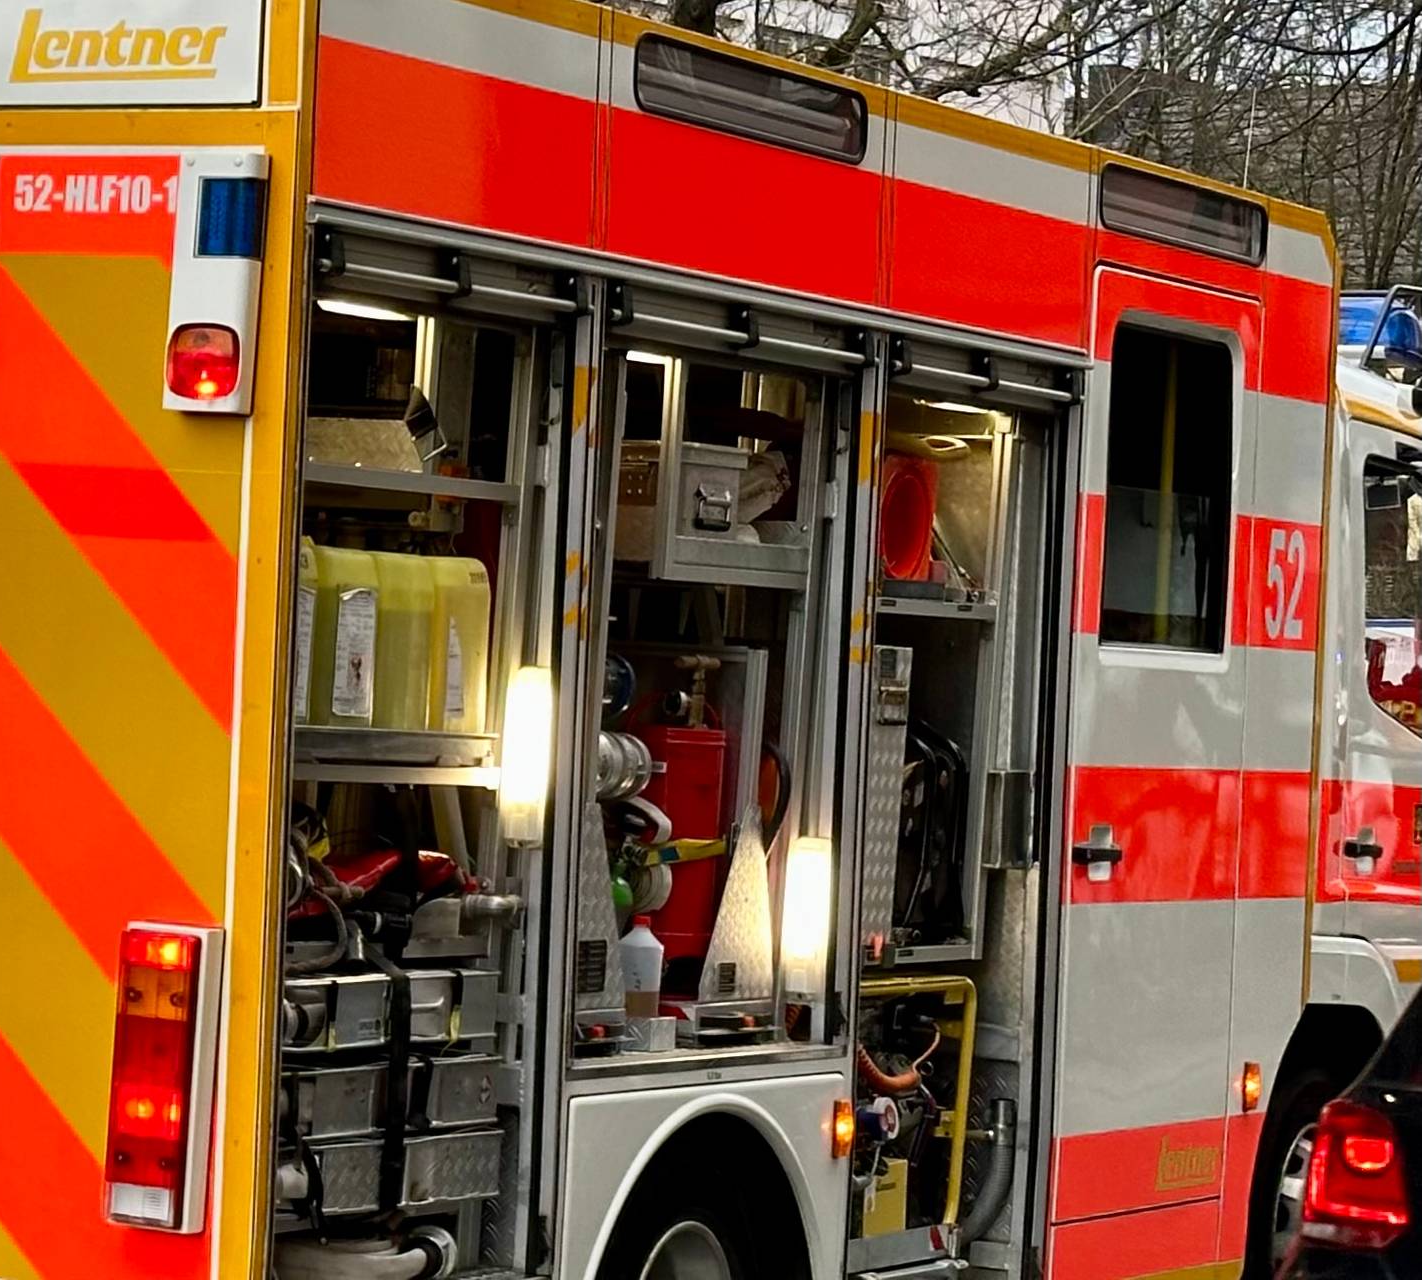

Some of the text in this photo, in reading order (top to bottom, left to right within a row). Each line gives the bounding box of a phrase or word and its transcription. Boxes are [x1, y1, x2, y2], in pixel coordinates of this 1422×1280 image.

[9, 8, 227, 83] Lentner
[13, 174, 178, 214] 52-HLF10-1
[1264, 528, 1305, 640] 52
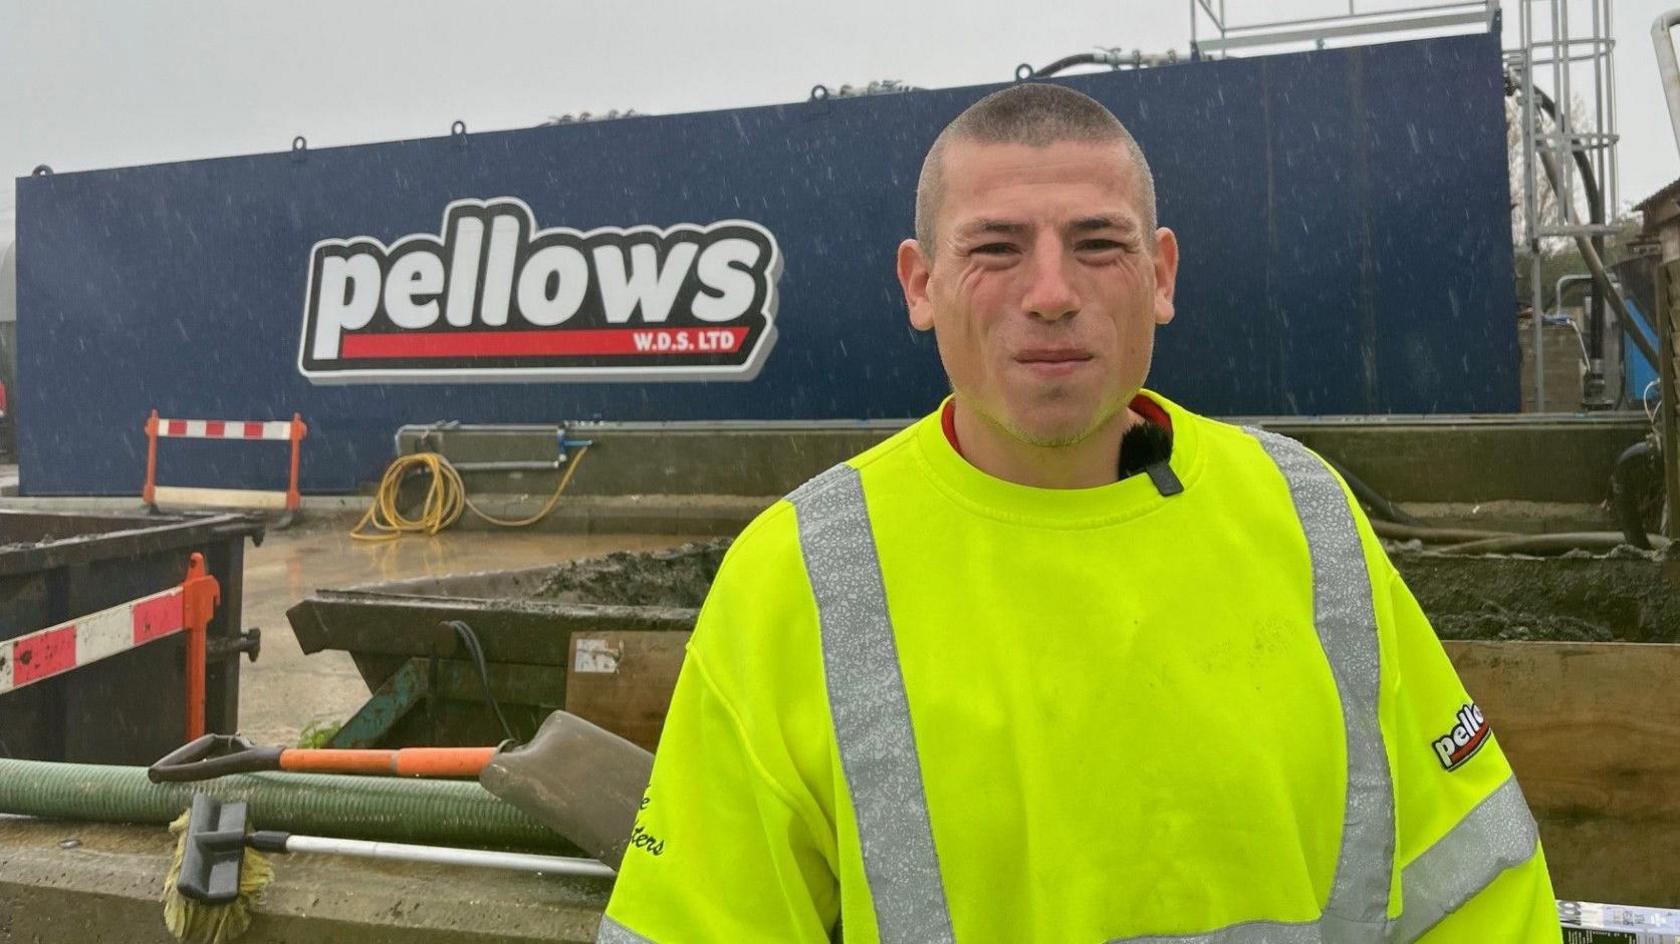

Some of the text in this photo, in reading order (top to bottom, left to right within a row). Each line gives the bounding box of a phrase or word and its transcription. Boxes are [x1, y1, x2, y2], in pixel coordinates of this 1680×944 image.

[312, 215, 759, 360] pellows
[633, 331, 735, 351] W.D.S. LTD
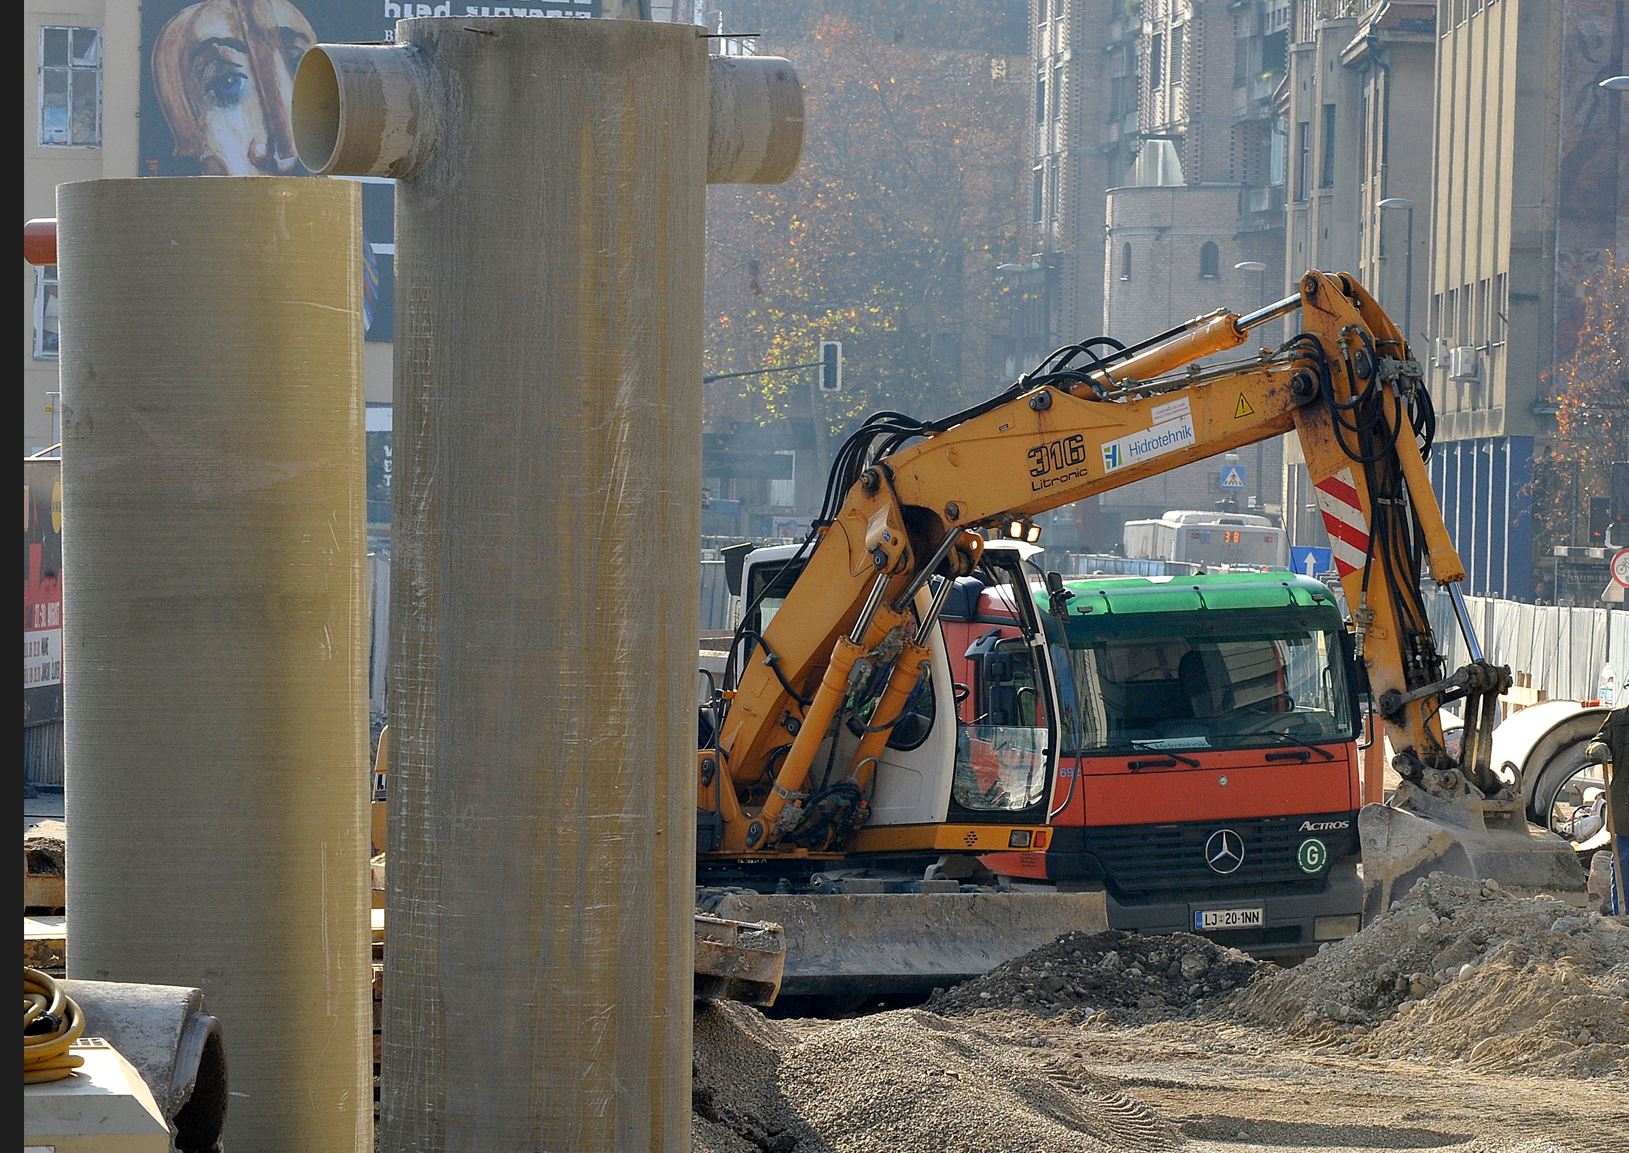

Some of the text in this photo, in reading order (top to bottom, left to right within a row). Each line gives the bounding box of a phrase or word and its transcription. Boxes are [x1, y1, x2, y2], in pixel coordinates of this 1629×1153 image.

[1129, 425, 1192, 457] Hidrotehnik
[1028, 434, 1086, 478] 316
[1031, 468, 1088, 491] Litronic
[1306, 845, 1319, 866] G
====================
(PROBLEM DETAILS)
With pictures left out, transcribe each line from the one containing "this 1680×944 image." through the end of the data, both ends included.

(RESPONSE BOX)
Some of the text in this photo, in reading order (top to bottom, left to right within a row). Each line gives the bounding box of a phrase or word and its transcription. Boxes are [x1, y1, x2, y2], in pixel coordinates of this 1680×944 image.

[312, 215, 759, 360] pellows
[633, 331, 735, 351] W.D.S. LTD

Some of the text in this photo, in reading order (top to bottom, left to right within a row). Each line gives the bounding box of a phrase or word and its transcription. Boxes are [x1, y1, x2, y2], in pixel coordinates of this 1629×1153 image.

[1129, 425, 1192, 457] Hidrotehnik
[1028, 434, 1086, 478] 316
[1031, 468, 1088, 491] Litronic
[1306, 845, 1319, 866] G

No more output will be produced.